文 | 瞿新榮
作者供職于上海石油天然氣交易中心
央行降息降準,地球另一端,美聯儲降息態度鮮明,但是經濟依然有較大下行壓力,油價也難向上。與此同時,美國放松對衍生品市場監管,但是對于油價影響幾何也尚未可知。
2019年9月6日,央行宣布全面降準0.5個百分點,再額外對僅在省級行政區域內經營的城商行定向降準1個百分點。9月20日,新版貸款基礎利率(LPR)第二次報價,1年期LPR報4.20%,較上期下降5個基點(BP),5年期LPR報4.85%,跟上期持平。

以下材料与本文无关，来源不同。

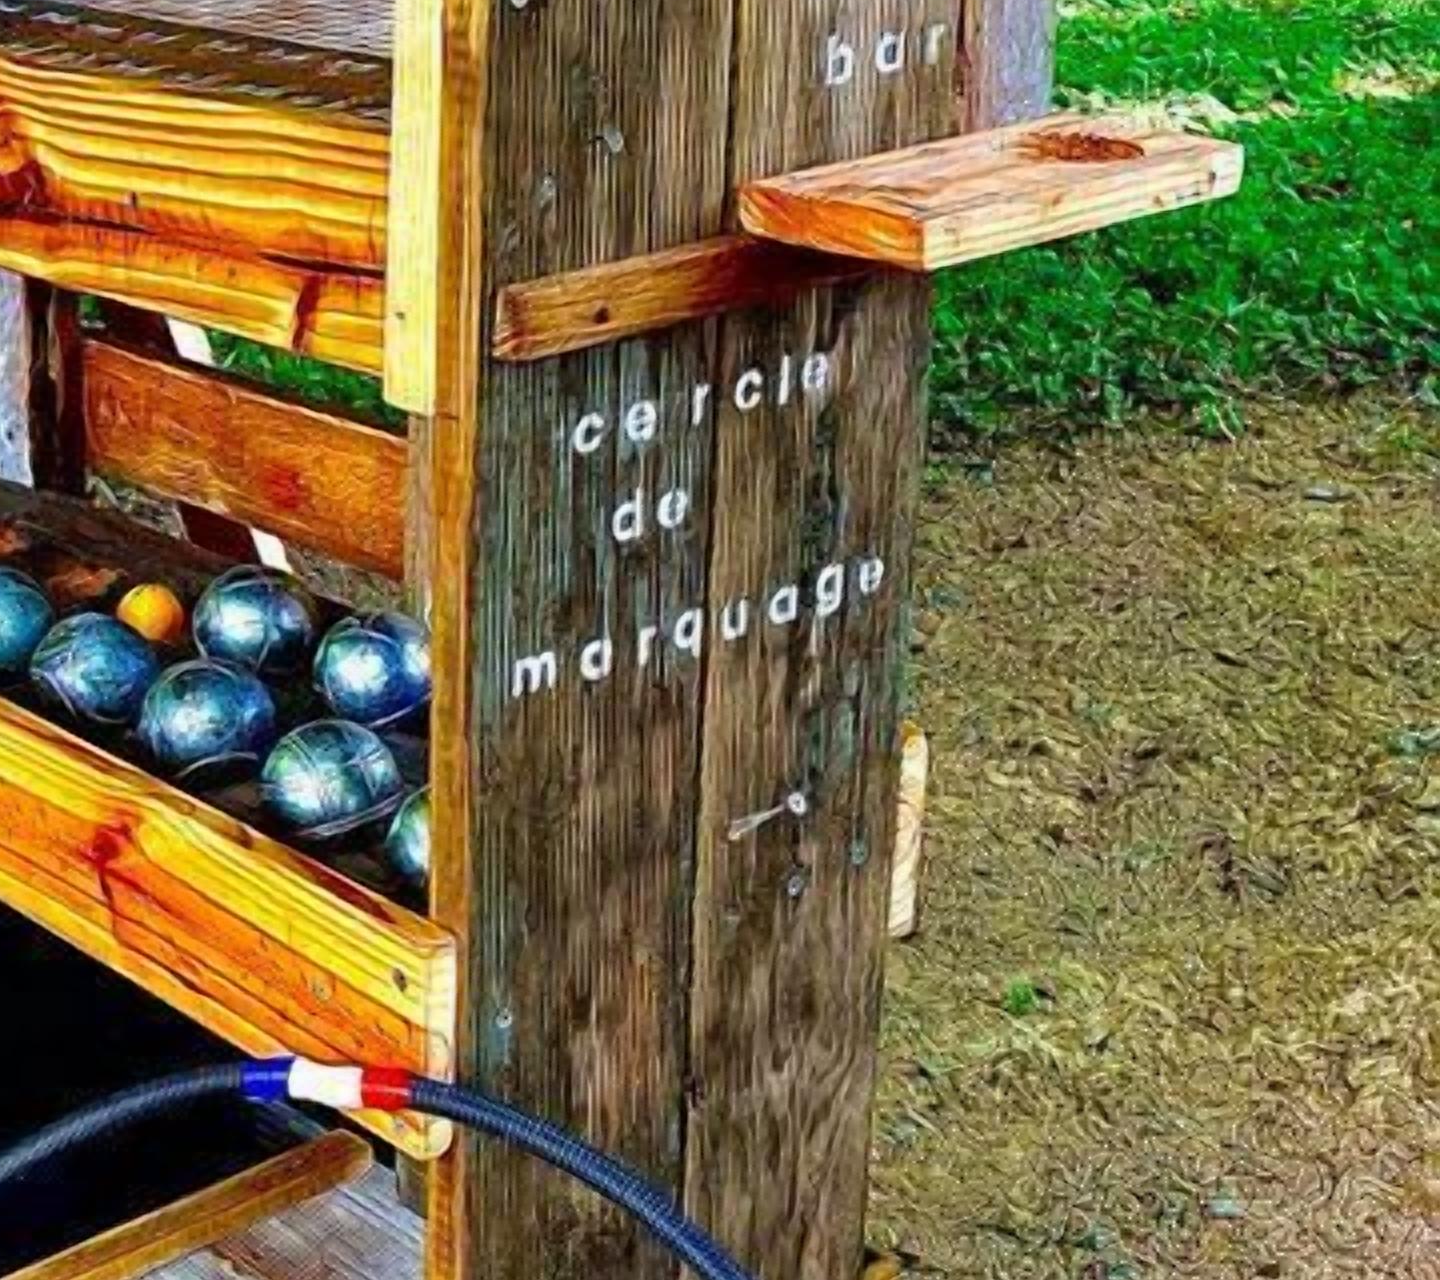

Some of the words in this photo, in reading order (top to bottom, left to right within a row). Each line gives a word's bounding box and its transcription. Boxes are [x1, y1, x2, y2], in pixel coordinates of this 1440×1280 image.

[824, 23, 946, 85] bar
[574, 353, 829, 454] cercle
[612, 486, 688, 542] de
[511, 558, 884, 697] marquage

同期,北京時間9月19日凌晨,美聯儲召開議息會議,將聯邦基金利率目標區間下調25BP至1.75%-2%,雖然降息幅度不及特朗普預期,但應對經濟下滑風險,美聯儲降息態度鮮明。
8月份,國家統計局公布采購經理指數(PMI)49.5,生產者價格指數(PPI)同比-0.8%,居民消費價格指數(CPI)同比2.8%,工業增加值同比4.4%,進口金額當月同比-5.6%,出口金額當月同比-1.0%,社會消費品零售總額當月同比7.5%,在降息降準背景下,經濟依然有較大下行壓力。

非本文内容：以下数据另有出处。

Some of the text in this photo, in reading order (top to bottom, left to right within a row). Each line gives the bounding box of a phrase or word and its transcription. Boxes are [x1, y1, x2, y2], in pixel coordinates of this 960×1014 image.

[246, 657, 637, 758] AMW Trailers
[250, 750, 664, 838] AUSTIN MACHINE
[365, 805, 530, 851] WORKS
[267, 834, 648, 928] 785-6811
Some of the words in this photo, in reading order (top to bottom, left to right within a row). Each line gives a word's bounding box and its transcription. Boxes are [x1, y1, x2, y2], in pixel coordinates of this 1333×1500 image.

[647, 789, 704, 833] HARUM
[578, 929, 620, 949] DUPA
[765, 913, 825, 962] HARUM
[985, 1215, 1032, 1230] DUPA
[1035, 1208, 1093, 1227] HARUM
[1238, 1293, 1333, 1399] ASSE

當前經濟下行與降息背景下,油價會面臨怎樣趨勢變化,利率與油價之間有怎樣關系,降息能否推動油價上行,這是大家所關注的問題。從供需之外另一個角度來觀察油價變動,我們認為在目前中東局勢難有巨變,庫存較高,需求偏弱背景下,預期油價在下半年依然難向上突破70美元/桶的區間。
1971年尼克松宣布美元與黃金脫鉤后,信用貨幣時代開啟,凱恩斯主義統領了整個貨幣政策大廈。貨幣寬松幫助生產企業延緩債務周期,助推居民與企業信心恢復,對抗經濟下行,以平緩周期,這樣的邏輯當政者喜聞樂見,資本市場的參與也是趨之若鶩,所以需求上行與貨幣政策綁定到了一起,也是投資者最關心的事情,“什么時候貨幣寬松”。
在傳統影響宏觀經濟的四類政策(貨幣政策、財政政策、產業政策和監管政策)中,影響經濟周期主要是貨幣政策。貨幣寬松推動需求復蘇,是對經濟最直接的刺激手段,同時也助推了債務周期。受制于債務杠桿越來越高的壓力,為防止債務危機,各國都會都通產業與財政政策,來刺激經濟增長,典型就是特蘭普上臺后推動了美國30年來最大的減稅,直接刺激了美國經濟增長。
中國也試圖通過財政減稅、產業調整以及對外開放,來降低企業壓力,促進市場要素重整,從而激發市場活力,調整經濟結構,這樣的政策思路被稱為“供給側改革”,但對資本市場而言,供給側只是存量貨幣的分配問題,貨幣增量才是王道。
回顧2008年以來的歷史,都能看到需求被寬松貨幣政策所刺激,工業企業利潤及原油價格也隨著經濟及需求復蘇而回升。表象上,這是政策平抑了需求的波動,而實質,會有可能透支長期需求,來滿足當前復蘇與增長,也即通過增加債務杠桿,使金融周期讓位經濟周期。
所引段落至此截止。